Elle, sans lui

01/06/2022

La petite église du village est plongée dans un silence épais. Même les chaises se taisent, ces vieilles chaises qui craquent bruyamment quant qu'on les touche.

Au milieu de l'allée, une petite fille chargée d'un bouquet de marguerites regarde sa maman sans comprendre.
La foule aurait dû continuer à avancer dans la travée centrale, le bruit assourdi des pas aurait dû se mêler au frottement des tissus ...

Mais elle s'était arrêtée, le visage pâle et les yeux gonflés. Elle avait stoppé le long écoulement des gens sombres et tristes. Le corps voûté dans sa veste noire, elle avait fermé les yeux et lui parlait silencieusement.

- Tu m'as fait basculer entre la vie et la mort tu sais. Je t'en veux tellement ! ... Tu étais mon ami, mon seul ami ! Qu'est-ce que je fais sur terre maintenant ? Tu as tout emporté, ma joie, mon coeur, mon âme. Tout ! Comment est-il possible que je sois là debout devant ton dernier lit alors que j'ai la sensation de ne plus être en vie ?

D'une main tremblante, elle frôle le bois vernis.
- Si tu étais là, tu me répondrais, l'air sérieux : « allez, réfléchis un peu ma grande, tu sais que c'est normal, on vit, on meurt, personne n'est éternel. » Je sentirais ta main secouant mon épaule pour changer mes idées. « Tu es ma boule à neige, je vais te faire bouger jusqu'à ce que tu perdes la tête ». Tu aurais ri, et moi aussi...

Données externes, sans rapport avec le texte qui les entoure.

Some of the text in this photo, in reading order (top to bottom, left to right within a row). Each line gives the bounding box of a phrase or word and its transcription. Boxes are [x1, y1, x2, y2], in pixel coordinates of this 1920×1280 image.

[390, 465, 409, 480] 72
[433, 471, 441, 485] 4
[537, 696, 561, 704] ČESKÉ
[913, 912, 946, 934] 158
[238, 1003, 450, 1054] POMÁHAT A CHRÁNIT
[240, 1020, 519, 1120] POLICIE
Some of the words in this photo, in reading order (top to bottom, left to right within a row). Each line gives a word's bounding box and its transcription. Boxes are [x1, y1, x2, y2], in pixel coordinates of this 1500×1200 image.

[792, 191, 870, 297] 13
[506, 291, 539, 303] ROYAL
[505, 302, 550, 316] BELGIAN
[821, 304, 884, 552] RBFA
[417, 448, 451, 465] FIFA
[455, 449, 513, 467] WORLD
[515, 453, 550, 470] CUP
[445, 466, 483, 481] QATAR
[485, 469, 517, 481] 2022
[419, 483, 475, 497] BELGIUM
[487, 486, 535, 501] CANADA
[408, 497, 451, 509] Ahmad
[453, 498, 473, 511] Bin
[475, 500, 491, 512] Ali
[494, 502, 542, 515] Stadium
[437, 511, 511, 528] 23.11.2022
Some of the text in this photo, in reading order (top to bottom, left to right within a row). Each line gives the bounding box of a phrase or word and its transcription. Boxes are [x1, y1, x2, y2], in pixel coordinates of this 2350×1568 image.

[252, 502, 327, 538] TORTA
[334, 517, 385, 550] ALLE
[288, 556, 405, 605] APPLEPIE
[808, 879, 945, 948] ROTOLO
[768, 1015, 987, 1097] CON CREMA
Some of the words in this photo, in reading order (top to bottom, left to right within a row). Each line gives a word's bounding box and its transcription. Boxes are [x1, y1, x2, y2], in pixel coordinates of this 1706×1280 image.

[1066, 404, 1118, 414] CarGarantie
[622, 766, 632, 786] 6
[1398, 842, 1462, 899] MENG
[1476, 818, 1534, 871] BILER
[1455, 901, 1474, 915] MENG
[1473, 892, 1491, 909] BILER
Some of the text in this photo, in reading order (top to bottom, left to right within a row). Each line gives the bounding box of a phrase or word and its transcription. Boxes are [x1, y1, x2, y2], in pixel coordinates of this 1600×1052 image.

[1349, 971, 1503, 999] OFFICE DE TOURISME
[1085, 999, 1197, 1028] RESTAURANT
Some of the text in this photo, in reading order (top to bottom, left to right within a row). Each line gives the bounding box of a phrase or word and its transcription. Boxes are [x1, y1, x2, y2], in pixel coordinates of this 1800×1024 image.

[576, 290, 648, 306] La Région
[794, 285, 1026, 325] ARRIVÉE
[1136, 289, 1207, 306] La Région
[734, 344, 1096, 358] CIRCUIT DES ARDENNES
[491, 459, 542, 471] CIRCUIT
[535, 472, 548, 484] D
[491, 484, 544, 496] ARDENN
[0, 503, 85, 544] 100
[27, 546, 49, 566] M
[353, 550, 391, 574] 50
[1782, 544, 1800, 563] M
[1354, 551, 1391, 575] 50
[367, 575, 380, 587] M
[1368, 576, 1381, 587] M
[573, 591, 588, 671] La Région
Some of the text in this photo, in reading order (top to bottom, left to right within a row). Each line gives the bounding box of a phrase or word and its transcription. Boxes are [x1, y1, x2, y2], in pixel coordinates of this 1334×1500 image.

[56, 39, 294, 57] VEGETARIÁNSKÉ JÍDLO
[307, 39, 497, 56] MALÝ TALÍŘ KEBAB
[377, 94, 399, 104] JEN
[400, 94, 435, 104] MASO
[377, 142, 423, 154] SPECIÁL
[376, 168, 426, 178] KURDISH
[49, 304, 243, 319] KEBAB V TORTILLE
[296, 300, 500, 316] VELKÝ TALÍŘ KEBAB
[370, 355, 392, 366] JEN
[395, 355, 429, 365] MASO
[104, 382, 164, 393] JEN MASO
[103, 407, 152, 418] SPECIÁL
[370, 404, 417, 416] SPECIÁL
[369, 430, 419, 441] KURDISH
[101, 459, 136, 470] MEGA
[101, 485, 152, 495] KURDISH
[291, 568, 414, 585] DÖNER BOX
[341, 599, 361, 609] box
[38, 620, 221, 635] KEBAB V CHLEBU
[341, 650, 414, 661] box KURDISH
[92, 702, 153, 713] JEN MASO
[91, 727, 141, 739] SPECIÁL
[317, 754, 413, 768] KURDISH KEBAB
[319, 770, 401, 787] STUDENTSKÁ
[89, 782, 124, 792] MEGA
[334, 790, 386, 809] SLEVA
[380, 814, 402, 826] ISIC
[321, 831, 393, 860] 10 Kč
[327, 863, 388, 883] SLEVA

Elle se perd quelques secondes dans ses souvenirs, des images joyeuses l'emportent loin de là. Le coin de ses lèvres se soulève un instant puis elle revient au présent et se courbe un peu plus sous le poids du chagrin.
«-Mourir oui, mais pas comme ça ! Pas déjà ! ... C'est trop tôt ! C'est trop vite ! On n'avait pas encore cherché un trésor dans la mer, on n'avait pas pris le bateau pour l'Angleterre .. Tu m'avais promis ... tu m'avais promis ...

Ses épaules tremblent. Elle serre si fort les mâchoires pour ne pas pleurer que tout son corps se durcit. Son esprit se perd dans le souvenir de sa voix. Elle jette un regard vide autour d'elle.
- Tu n'aurais pas aimé tout ça, ça ne te ressemble pas... Tu m'avais raconté les coutumes des indiens, les bateaux sur lesquel les morts étaient couchés ... le feu qui embrasait la coque et son chargement, au loin, sur l'océan, sous l'immensité du ciel parsemé d'étoiles...

Un long soupir s'échappe de ses lèvres blafardes.
- Et te voilà coincé dans une boîte aux clous dorés ... J'espère que tu n'en sais rien, que tu es déjà loin, que tu découvres en riant une autre galaxie...
Une pointe de jalousie lui vrille le coeur ...

- Ils auront de la chance ceux qui te croiseront...

Derrière elle quelqu'un tousse.
- Non je n'avancerai pas, pas encore, pas tout de suite ! pense-t-elle avec une pointe de colère. Je ne veux pas te quitter, je veux être avec toi, comme avant, comme on l'a toujours été. Toi et moi et le reste de l'univers ! Invincibles, nous étions invincibles ! A deux tout était possible....
Je n'ai plus envie de rien tu sais, je suis vide de toi. Et ce ne sont pas des mots ! Je sens ce trou béant qui envahit mon corps. S'il pouvait m'aspirer et que je te rejoigne ... »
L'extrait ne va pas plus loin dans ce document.